I want to pursue a career in forensic science. Could you tell me a little about the subject and which colleges are best for this overseas?
Forensic science is the study and use of science and tech to assist and resolve criminal, civil and regulatory issues.
You could prepare yourself for this programme with courses such as physics, biology, chemistry and maths in school. Forensic science technicians would normally have a bachelor’s degree in a natural science, such as chemistry or biology, or in forensic science. They may further specialise in a specific area of study such as toxicology, pathology or DNA. A prudent option that would open you to more jobs would be to pursue natural sciences in college with electives or a master’s in forensic sciences. Remember in this programme the science comes first and forensics second.

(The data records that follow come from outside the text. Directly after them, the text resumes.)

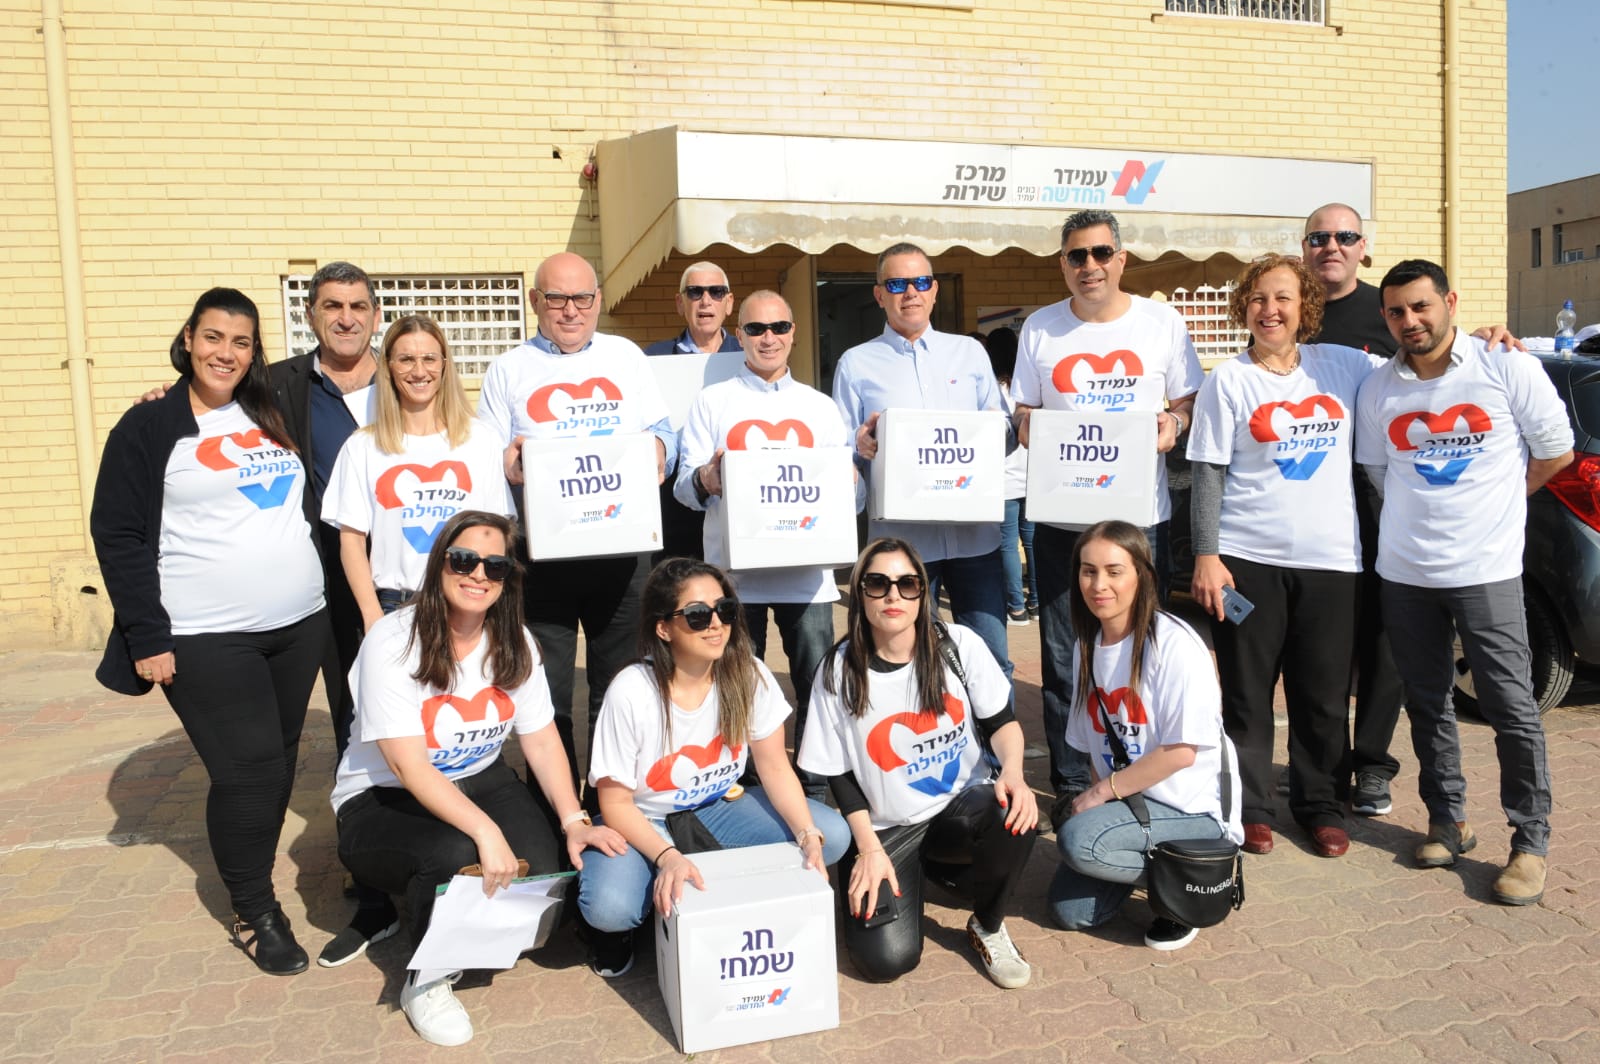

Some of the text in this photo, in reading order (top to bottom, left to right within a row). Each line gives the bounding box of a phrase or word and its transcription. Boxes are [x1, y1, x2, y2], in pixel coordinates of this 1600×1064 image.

[955, 164, 1006, 181] מרכז
[1053, 169, 1108, 187] עמידר
[942, 185, 1006, 202] שירות
[1041, 185, 1106, 204] החדשה
[1087, 377, 1137, 389] עמידר
[1075, 392, 1135, 406] בקהילה
[566, 402, 619, 415] עמידר
[556, 415, 621, 430] בקהילה
[1289, 421, 1340, 435] עמידר
[933, 428, 958, 445] חג
[1077, 424, 1103, 442] חג
[1425, 434, 1485, 446] עמידר
[1059, 443, 1119, 462] שמח!
[1277, 436, 1336, 451] בקהילה
[575, 454, 602, 475] חג
[918, 447, 975, 465] שמח!
[239, 460, 301, 478] בקהילה
[777, 464, 803, 482] חג
[560, 472, 622, 498] שמח!
[760, 485, 821, 503] שמח!
[413, 489, 466, 501] עמידר
[402, 504, 462, 519] קהילה
[454, 722, 507, 743] עמידר
[912, 721, 965, 753] עמידר
[907, 736, 968, 775] בקהילה
[741, 928, 774, 952] חג
[720, 951, 794, 980] שמח!
[741, 995, 765, 1003] עמידר
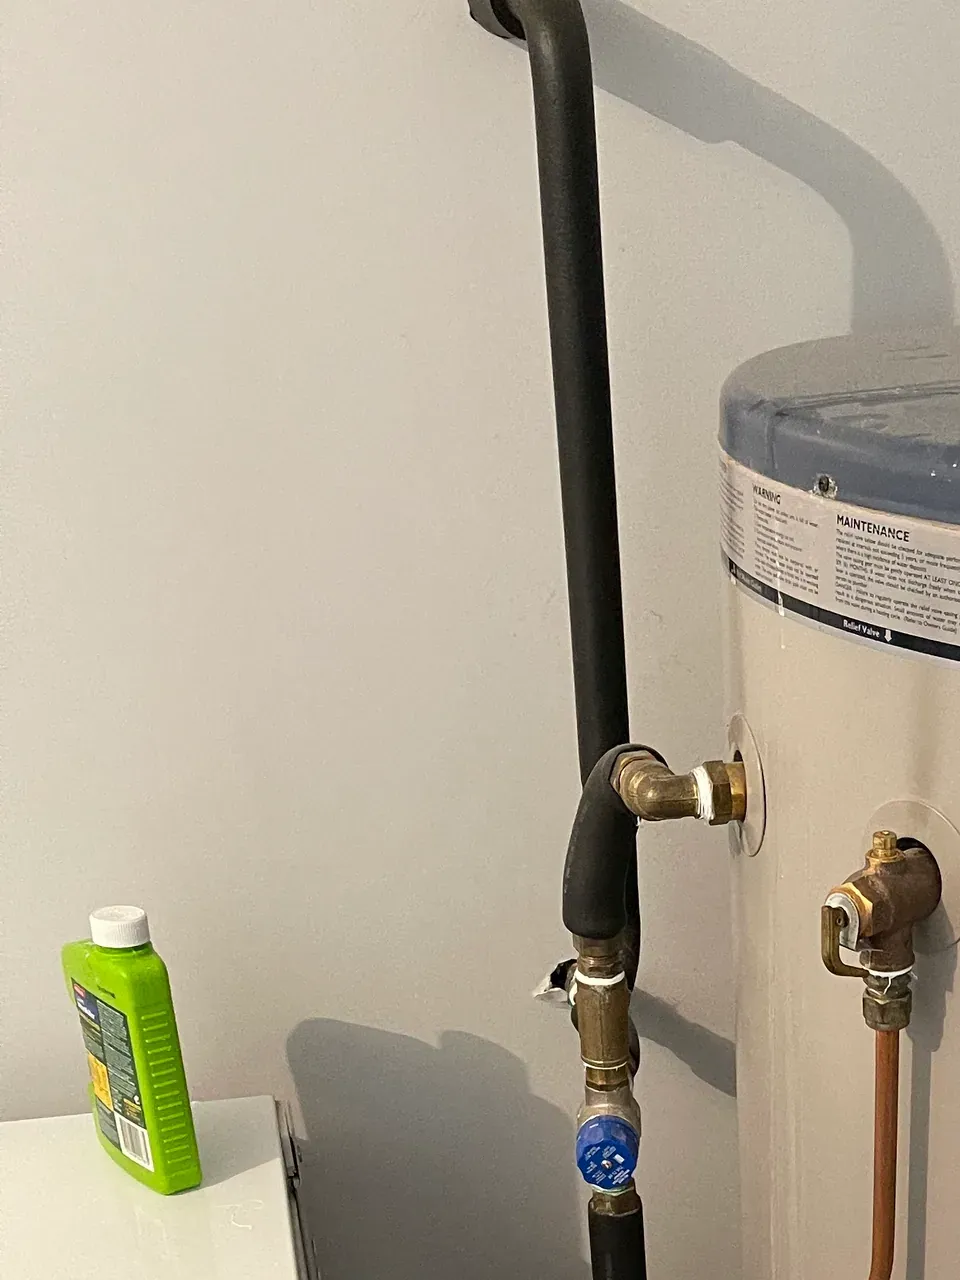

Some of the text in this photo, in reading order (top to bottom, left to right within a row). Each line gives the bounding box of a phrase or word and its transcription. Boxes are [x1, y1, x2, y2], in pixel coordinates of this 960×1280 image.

[836, 514, 910, 542] MAINTENANCE
[932, 576, 947, 584] LEAST
[843, 619, 880, 637] Relief Valve

Forensic science work could be in laboratories or at the crime scene. The former will require you to analyse DNA samples, perform biological or chemical analysis on evidence collected at the crime scene, study digital media for relevant information or perform specialised tasks. Work on the crime scene involves collecting evidence including fingerprints, taking photographs, recording observations and sketches.

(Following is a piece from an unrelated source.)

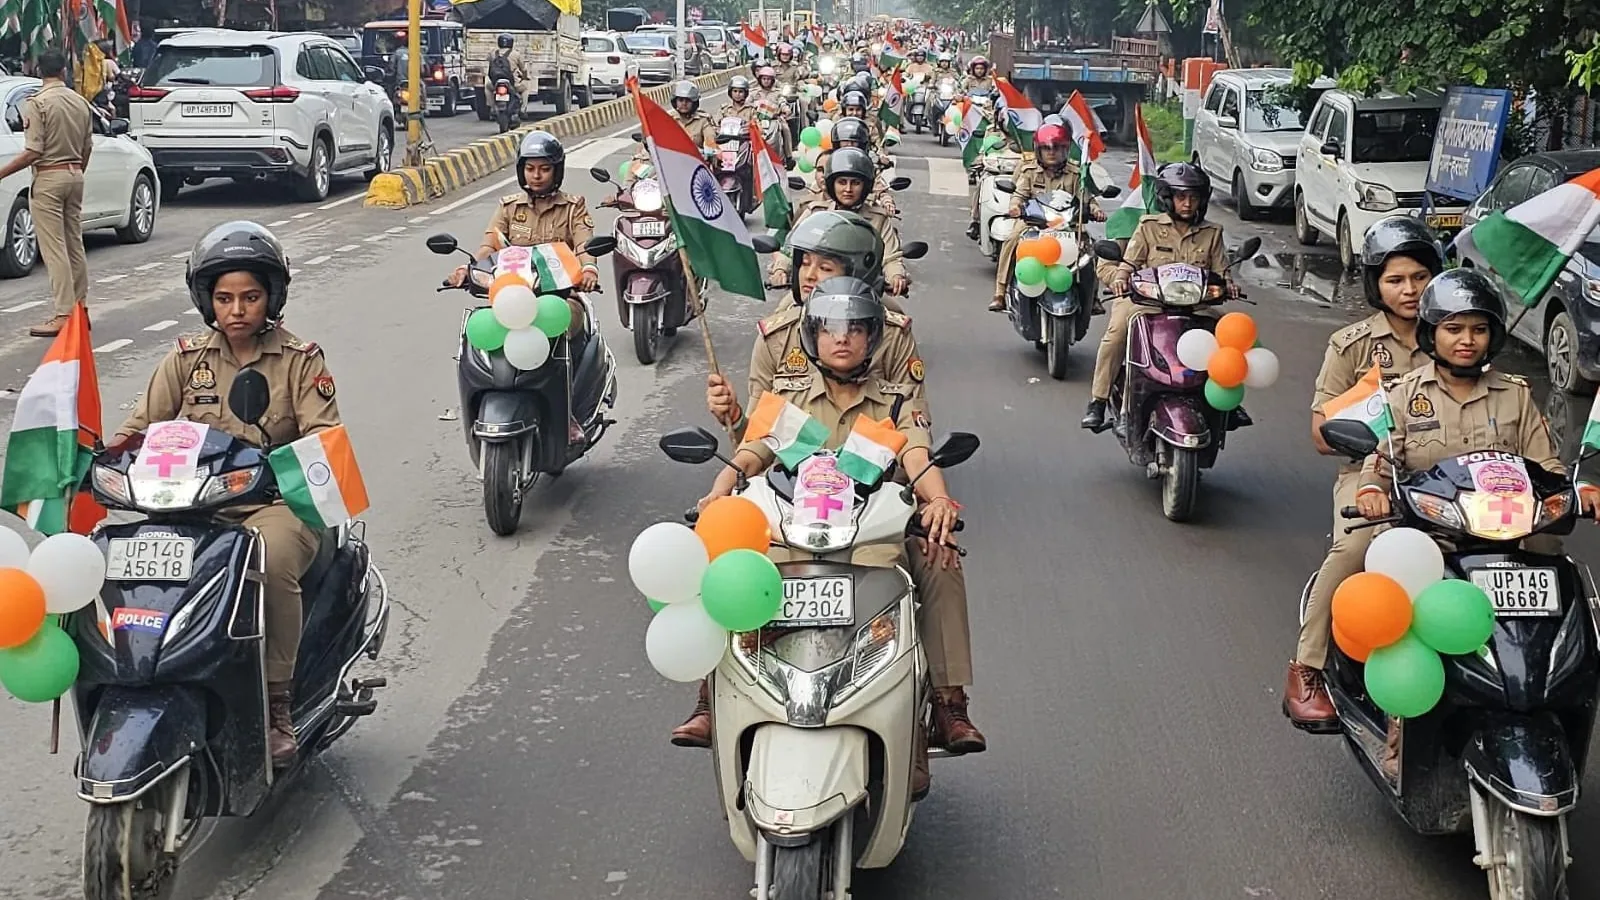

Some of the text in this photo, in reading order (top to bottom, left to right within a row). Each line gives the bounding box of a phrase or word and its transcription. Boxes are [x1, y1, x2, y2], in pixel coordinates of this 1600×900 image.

Students wishing to pursue this course should have not only good mathematical and science skills but good communication skills too as they shall be required to keep a record of their observations and testify in court. They should have a penchant for detail, be capable of analytical thinking and possess problem-solving skills.
Forensic science programmes cover various specialised job functions including DNA analyst, ballistics, document examiner, digital and computer investigator, accountant, psychologist and pathologist. For instance a forensic accountant would investigate fraud or embezzlement and analyse financial information for use in legal proceedings; a DNA analyst would be responsible for analysing evidence such as blood, hair follicles, or other bodily fluids.
In the US, Penn State, Syracuse, UC, Davis and Drexel are known for their forensic programmes; with the exception of Penn State the rest offer it only at graduate level. In the UK, universities renowned for this would include Dundee, Keele, Strathclyde and Kent.
Be careful to introspect on your strengths and weaknesses and not be swayed by the glitz and glamour of shows like Bones, Dexter or CSI – the real world is unfortunately far more mundane and less exciting.